À l’origine de la plainte ? Une famille colombienne qui a travaillé pour Lucas Hernandez et son épouse Victoria Triay entre septembre 2024 et 2025. Les deux parents et leurs trois enfants auraient occupé plusieurs emplois au service du couple : gardien, agents de sécurité, femmes de ménage, cuisinières et nourrices.
Des semaines entre « 72 et 84 heures »
Sauf que les cinq employés n’auraient jamais bénéficié du cadre légal adapté : « On nous a promis une qualité de vie et le fait que nous pourrions être en règle en France », se souvient l’une des plaignantes auprès de Paris Match.
« Mon travail était censé être du 24 heures sur 24, 7 jours sur 7, pour un salaire totalement insuffisant pour une personne qui travaille autant d’heures », témoigne-t-elle encore.

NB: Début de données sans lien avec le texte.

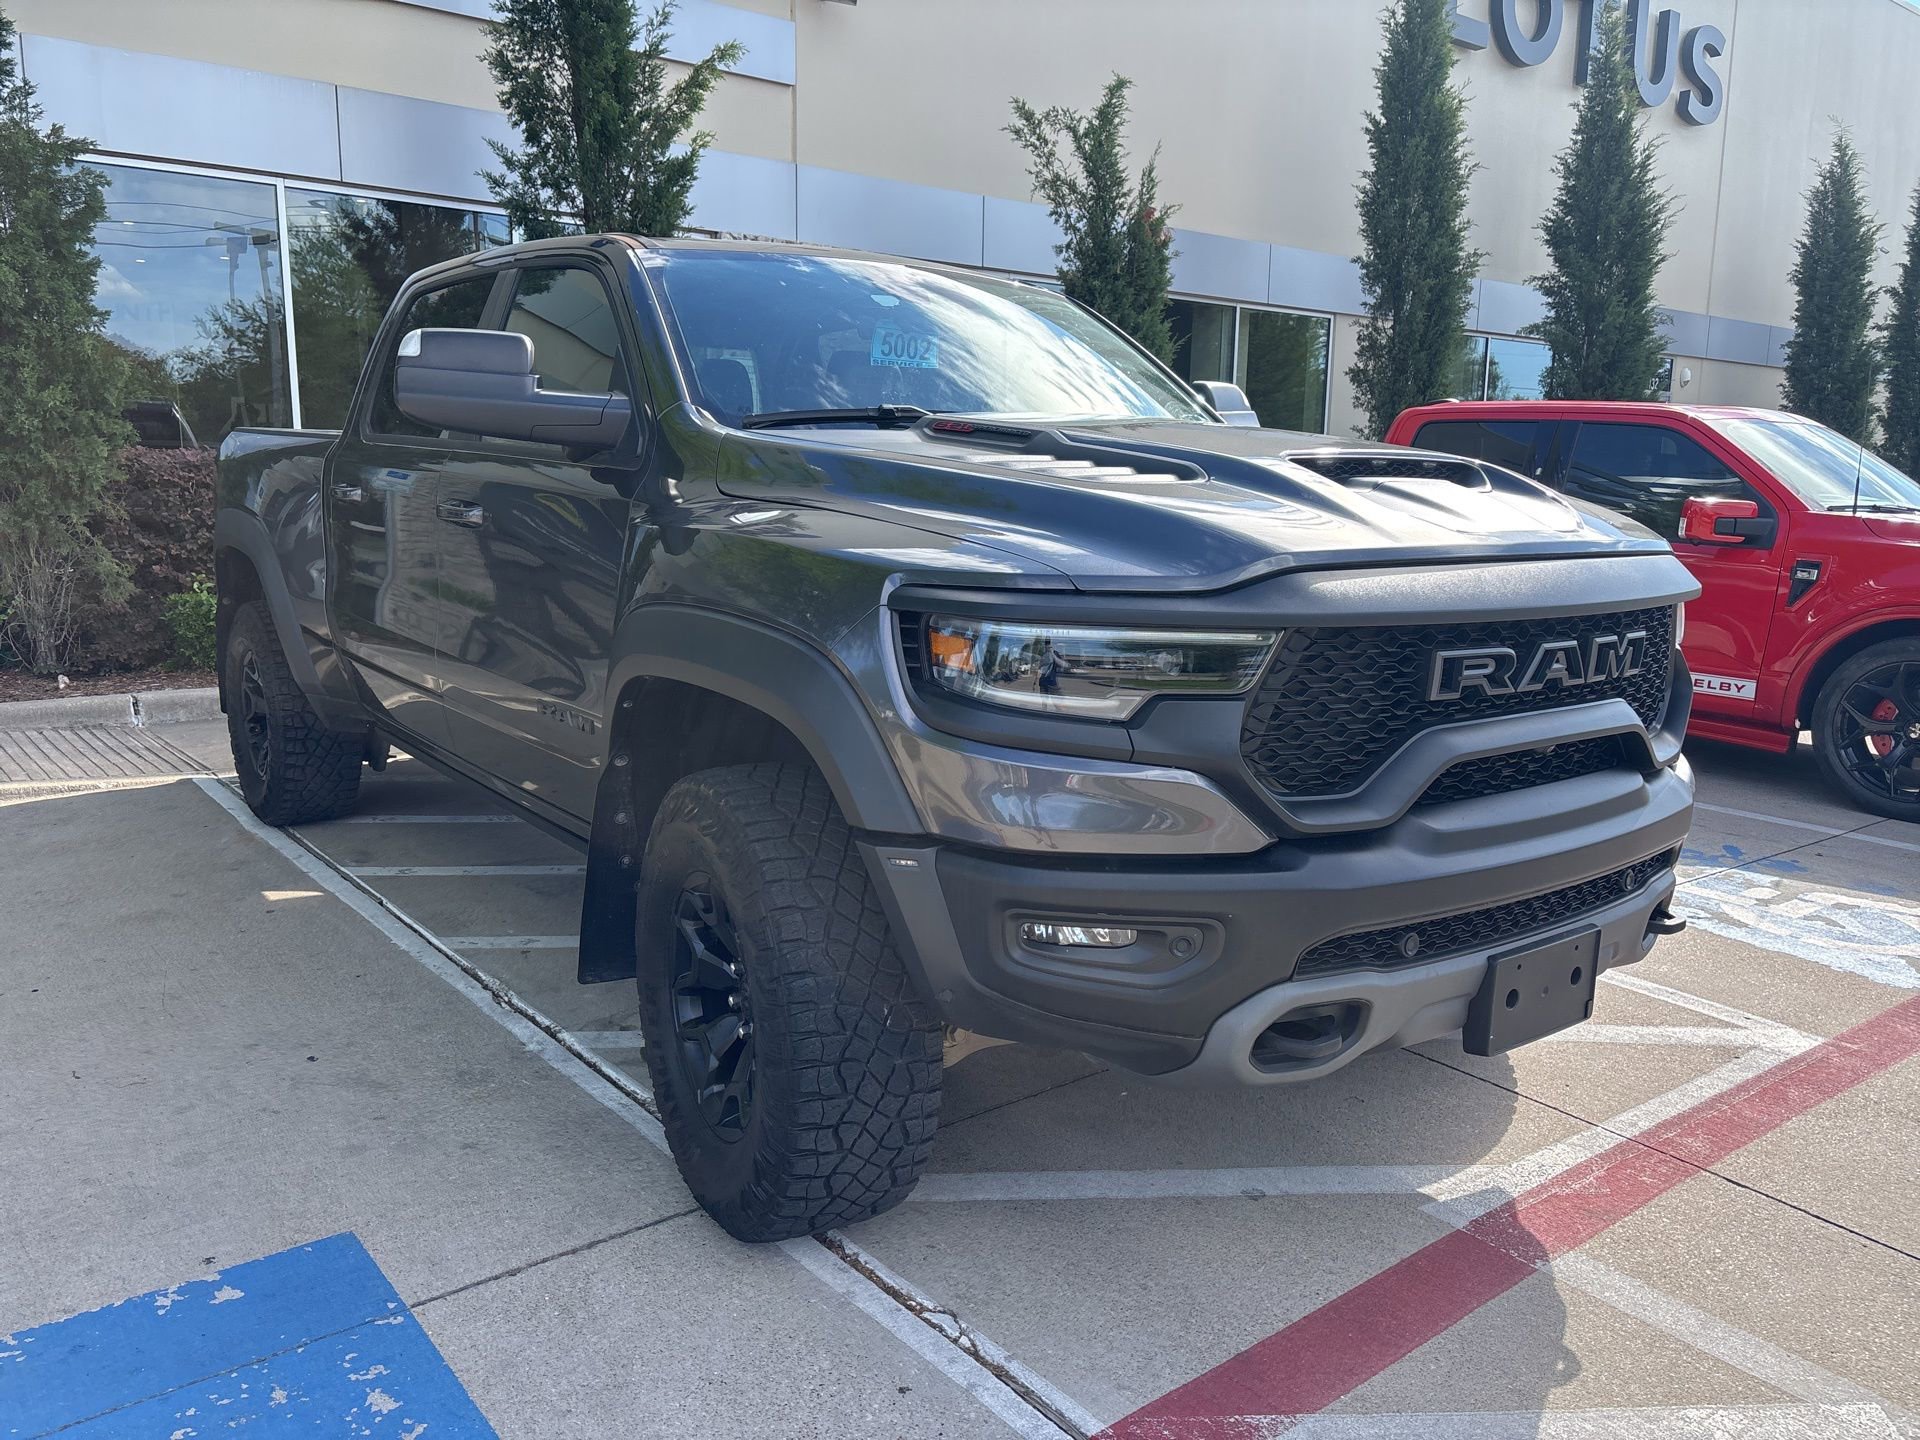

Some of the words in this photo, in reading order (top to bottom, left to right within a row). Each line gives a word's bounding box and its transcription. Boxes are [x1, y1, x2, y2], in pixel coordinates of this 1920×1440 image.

[1451, 0, 1726, 125] OUS
[880, 330, 932, 360] 5002
[1430, 630, 1646, 701] RAM

L’hebdomadaire évoque des salaires non déclarés et en liquide de l’ordre de 500 à 3 000 euros pour des semaines entre « 72 et 84 heures », 24 heures sur 24 et 7 jours sur 7, le tout sans jour de repos ni vacances.

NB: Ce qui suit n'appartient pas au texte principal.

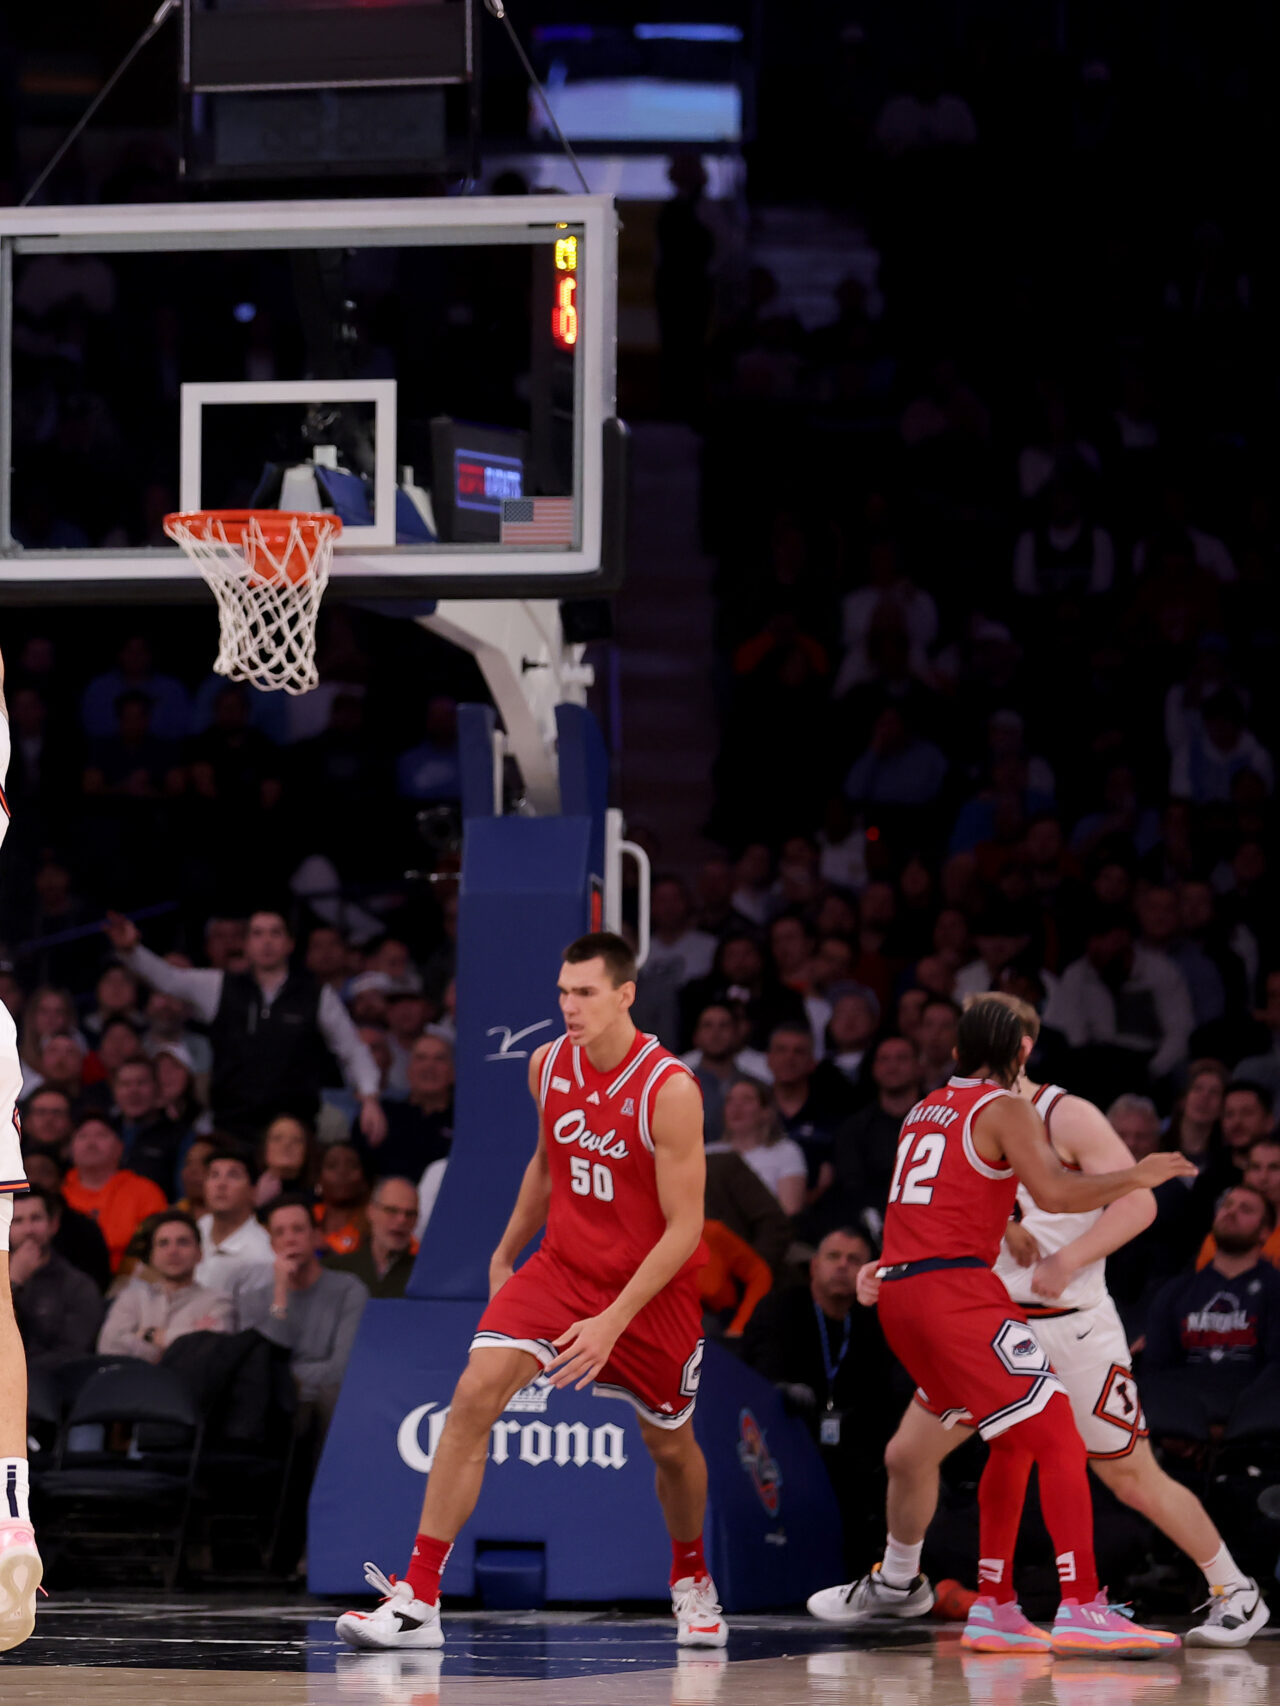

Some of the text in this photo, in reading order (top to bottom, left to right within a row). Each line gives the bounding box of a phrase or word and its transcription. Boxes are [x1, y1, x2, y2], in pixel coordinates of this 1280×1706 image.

[553, 1108, 630, 1160] Owls
[569, 1155, 614, 1202] 50
[888, 1132, 947, 1205] 12
[396, 1401, 629, 1474] Crona

L’avocate de la famille colombienne, Me Lola Dubois dénonce une « attitude qui se rapproche de l’esclavagisme moderne ». Contacté par Paris Match, l’agent du joueur, Frank Hocquemiller, indique que lui, son joueur et sa compagne, ne sont pas au courant de la plainte. Il assure par ailleurs que Lucas Hernandez et Victoria Triay « tombent des nues ».